Shopping center developers in Minnesota should now be able to compete on a level playing field with merchants located in downtown business districts designated as "historic."

That's because of a recent Minnesota Court of Appeals ruling that, in essence, prevents merchant groups from thwarting retail developments in outlying areas just because those developments might lure customers of downtown retailers.

In the case that prompted that ruling, a group of local residents of Northfield had opposed the construction there of a shopping center project of Dayton-Hudson Corp. The project would have included a Dayton-Hudson Target discount department store, and the Northfield group had raised the issue of the development's impact on downtown merchants whose stores are in buildings protected as "historical resources."

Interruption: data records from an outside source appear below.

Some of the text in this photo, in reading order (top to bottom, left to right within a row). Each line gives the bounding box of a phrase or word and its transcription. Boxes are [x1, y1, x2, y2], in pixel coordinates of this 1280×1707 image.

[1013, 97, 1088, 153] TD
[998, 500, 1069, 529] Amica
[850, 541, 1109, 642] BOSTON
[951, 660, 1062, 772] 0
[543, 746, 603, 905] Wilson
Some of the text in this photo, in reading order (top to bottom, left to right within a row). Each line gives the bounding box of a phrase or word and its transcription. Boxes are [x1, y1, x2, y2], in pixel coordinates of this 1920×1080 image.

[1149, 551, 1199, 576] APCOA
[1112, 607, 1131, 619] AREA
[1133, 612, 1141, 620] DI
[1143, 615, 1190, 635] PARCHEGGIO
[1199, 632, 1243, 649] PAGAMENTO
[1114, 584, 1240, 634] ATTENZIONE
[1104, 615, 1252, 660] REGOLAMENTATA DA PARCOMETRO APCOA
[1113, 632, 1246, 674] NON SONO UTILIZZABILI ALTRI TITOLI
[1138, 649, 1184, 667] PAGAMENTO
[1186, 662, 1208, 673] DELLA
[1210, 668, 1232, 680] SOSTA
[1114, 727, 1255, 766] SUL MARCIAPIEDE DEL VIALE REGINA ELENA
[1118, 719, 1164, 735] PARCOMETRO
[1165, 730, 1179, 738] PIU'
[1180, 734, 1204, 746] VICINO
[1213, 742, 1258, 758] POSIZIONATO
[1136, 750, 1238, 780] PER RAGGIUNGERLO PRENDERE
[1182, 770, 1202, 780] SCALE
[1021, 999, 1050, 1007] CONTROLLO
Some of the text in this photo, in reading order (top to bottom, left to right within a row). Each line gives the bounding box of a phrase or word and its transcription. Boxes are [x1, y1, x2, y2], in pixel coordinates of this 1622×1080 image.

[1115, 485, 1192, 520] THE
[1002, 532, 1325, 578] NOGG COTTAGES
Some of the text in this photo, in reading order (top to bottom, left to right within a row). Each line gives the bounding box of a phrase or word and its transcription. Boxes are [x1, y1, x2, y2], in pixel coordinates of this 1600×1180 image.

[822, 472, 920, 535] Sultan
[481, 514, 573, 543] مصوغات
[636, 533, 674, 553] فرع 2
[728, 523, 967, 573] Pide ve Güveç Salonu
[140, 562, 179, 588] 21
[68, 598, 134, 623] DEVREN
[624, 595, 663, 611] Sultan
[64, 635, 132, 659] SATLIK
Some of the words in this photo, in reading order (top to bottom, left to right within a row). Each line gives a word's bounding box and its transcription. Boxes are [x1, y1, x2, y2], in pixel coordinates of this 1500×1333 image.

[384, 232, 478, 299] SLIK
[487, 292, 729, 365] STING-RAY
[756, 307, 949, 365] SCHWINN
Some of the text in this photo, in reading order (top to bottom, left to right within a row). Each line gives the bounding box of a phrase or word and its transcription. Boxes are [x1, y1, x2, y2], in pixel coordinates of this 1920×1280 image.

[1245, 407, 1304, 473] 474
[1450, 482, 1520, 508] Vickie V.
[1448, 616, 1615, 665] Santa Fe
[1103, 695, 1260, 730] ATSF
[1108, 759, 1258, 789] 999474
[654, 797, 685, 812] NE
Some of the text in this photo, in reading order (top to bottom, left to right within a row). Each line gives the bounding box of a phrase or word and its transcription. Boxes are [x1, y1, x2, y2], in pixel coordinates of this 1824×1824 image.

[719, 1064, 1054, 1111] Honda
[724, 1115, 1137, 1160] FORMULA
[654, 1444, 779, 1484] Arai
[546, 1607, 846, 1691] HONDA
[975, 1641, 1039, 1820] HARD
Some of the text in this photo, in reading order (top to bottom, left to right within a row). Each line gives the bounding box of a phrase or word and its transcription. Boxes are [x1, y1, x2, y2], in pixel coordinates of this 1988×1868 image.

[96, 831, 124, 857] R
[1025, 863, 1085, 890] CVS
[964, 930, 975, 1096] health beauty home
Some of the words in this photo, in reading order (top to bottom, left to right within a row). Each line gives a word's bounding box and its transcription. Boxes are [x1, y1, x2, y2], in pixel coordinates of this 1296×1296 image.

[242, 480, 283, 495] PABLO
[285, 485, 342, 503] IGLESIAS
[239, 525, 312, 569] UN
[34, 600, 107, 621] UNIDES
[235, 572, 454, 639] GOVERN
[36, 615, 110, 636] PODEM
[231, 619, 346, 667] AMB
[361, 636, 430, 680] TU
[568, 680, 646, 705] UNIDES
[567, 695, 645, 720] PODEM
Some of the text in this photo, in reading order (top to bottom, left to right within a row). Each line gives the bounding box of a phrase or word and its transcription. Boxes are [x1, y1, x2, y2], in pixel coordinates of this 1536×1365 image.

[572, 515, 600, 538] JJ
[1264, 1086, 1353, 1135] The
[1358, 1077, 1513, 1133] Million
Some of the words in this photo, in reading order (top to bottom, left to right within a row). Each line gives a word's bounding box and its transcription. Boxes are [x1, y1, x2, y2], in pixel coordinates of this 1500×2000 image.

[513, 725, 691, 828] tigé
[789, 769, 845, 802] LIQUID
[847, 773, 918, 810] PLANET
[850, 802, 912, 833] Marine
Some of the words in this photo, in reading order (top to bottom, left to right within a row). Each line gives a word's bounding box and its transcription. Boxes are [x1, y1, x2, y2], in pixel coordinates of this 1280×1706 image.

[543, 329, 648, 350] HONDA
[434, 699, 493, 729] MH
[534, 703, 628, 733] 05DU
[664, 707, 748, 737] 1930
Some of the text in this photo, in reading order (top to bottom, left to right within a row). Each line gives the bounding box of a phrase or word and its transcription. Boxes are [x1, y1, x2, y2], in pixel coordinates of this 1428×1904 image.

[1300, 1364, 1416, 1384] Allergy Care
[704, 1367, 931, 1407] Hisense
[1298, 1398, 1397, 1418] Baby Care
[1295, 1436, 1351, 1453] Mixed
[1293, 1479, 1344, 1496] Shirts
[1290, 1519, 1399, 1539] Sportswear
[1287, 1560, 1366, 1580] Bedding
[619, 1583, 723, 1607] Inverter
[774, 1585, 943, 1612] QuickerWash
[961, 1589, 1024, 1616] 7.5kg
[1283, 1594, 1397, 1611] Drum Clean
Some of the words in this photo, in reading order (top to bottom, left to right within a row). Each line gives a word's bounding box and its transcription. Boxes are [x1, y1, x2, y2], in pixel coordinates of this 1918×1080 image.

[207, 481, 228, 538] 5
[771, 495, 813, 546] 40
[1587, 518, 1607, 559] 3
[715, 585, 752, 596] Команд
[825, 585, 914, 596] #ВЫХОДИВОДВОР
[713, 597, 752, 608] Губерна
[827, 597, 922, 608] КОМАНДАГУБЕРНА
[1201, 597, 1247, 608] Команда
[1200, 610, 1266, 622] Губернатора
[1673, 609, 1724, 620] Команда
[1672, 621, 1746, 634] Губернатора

The Northfield group claimed that not only are the downtown buildings protected, but also the business district as a "functioning economic entity" is also protected. They added that a new Target store would lead to a decline in downtown store sales, which would lead to merchants going out of business, which would lead to abandoned buildings, which would lead to the physical deterioration of those buildings.

In response, Dayton-Hudson argued that although the law is quite broad as to the protections offered to historical resources, that law does not encompass the economic vitality or way-of-life concerns that the Northfield residents contend are covered. Dayton-Hudson added that the law's criteria primarily address "buildings and other places" rather than actual businesses conducted there.

Dayton-Hudson also argued that to favor businesses that happen to be located in historic buildings or districts would give those businesses an unfair and unlawful competitive advantage.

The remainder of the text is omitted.